* _ASSIGNMENT_
What is needed is an exact copy of the records below, minus any pictures.

* _THE DATA_
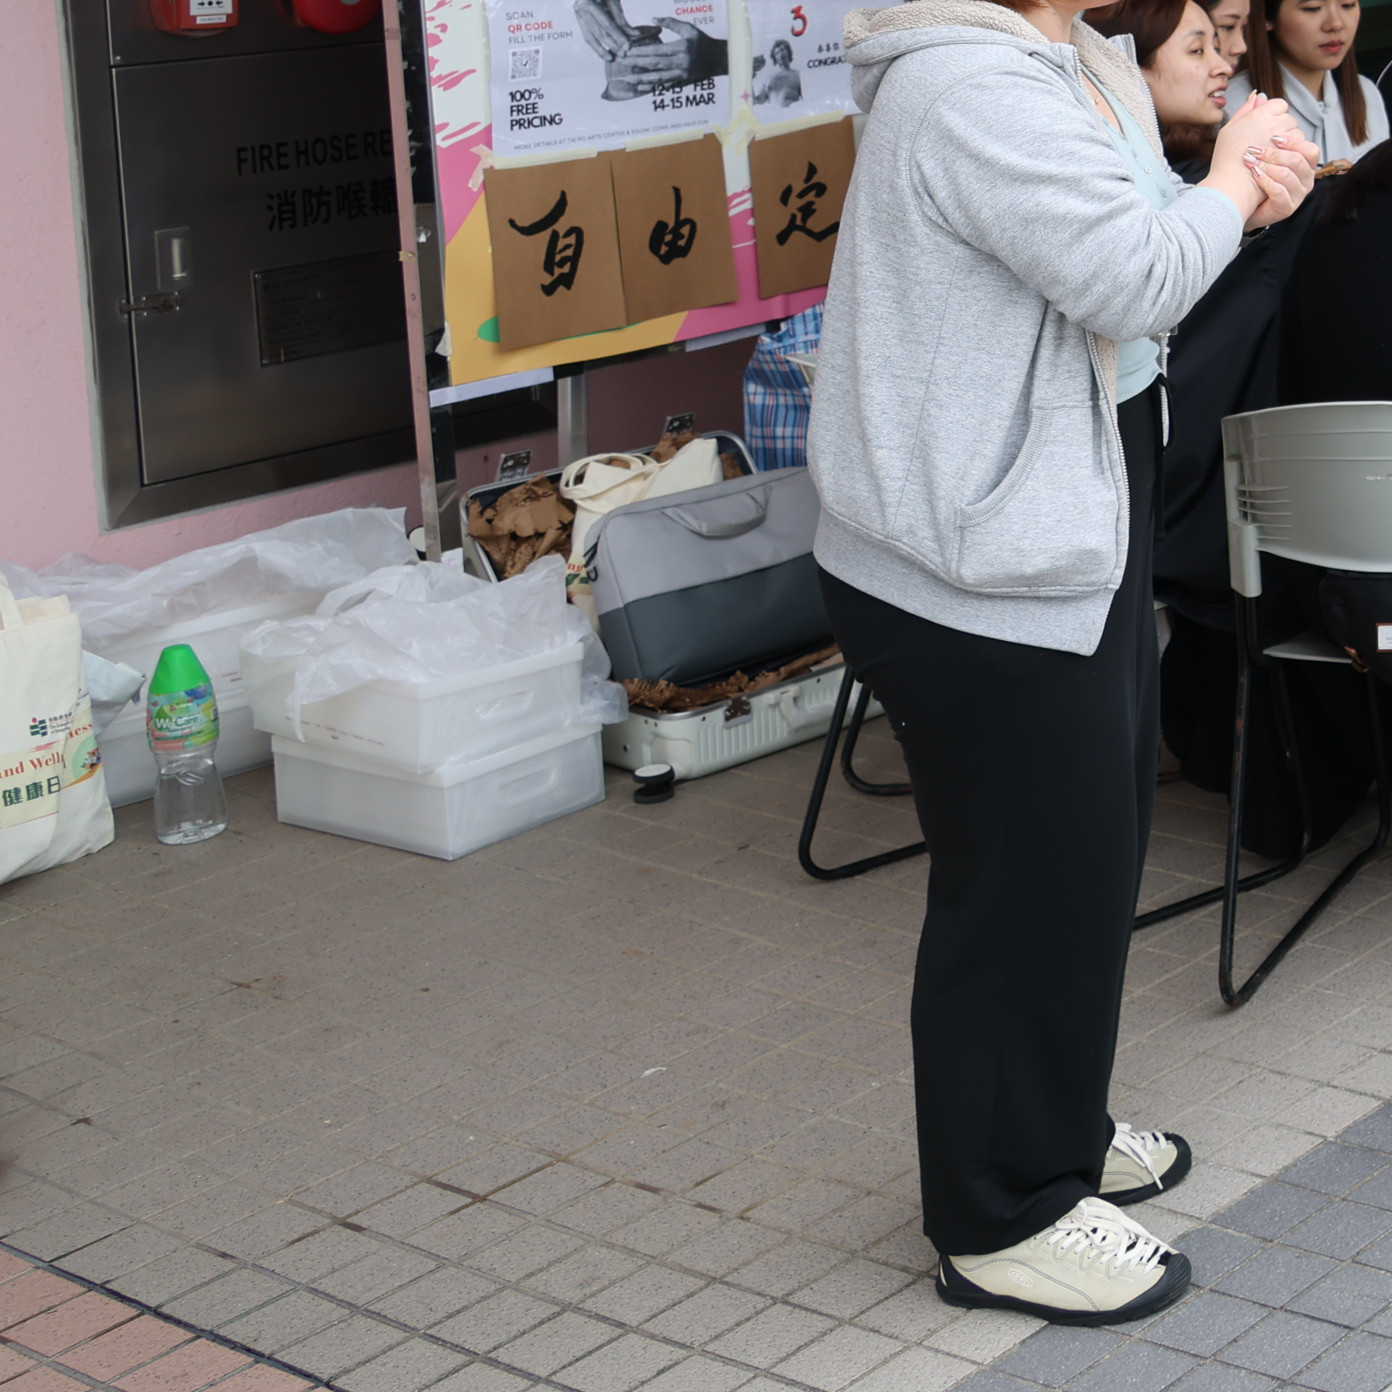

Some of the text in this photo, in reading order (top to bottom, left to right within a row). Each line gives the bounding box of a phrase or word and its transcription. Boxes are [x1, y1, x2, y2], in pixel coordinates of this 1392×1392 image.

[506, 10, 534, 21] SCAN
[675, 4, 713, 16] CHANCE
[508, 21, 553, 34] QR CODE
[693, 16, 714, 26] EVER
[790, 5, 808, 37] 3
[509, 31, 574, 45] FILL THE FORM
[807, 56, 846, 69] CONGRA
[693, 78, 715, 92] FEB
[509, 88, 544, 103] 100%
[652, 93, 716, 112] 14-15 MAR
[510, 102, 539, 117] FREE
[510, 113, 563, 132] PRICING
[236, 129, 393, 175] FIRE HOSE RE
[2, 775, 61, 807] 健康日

* _ANSWER BELOW_
Some of the text in this photo, in reading order (top to bottom, left to right within a row). Each line gives the bounding box of a phrase or word and its transcription. Boxes are [x1, y1, x2, y2], in pixel coordinates of this 1392×1392 image.

[506, 10, 534, 21] SCAN
[675, 4, 713, 16] CHANCE
[508, 21, 553, 34] QR CODE
[693, 16, 714, 26] EVER
[790, 5, 808, 37] 3
[509, 31, 574, 45] FILL THE FORM
[807, 56, 846, 69] CONGRA
[693, 78, 715, 92] FEB
[509, 88, 544, 103] 100%
[652, 93, 716, 112] 14-15 MAR
[510, 102, 539, 117] FREE
[510, 113, 563, 132] PRICING
[236, 129, 393, 175] FIRE HOSE RE
[2, 775, 61, 807] 健康日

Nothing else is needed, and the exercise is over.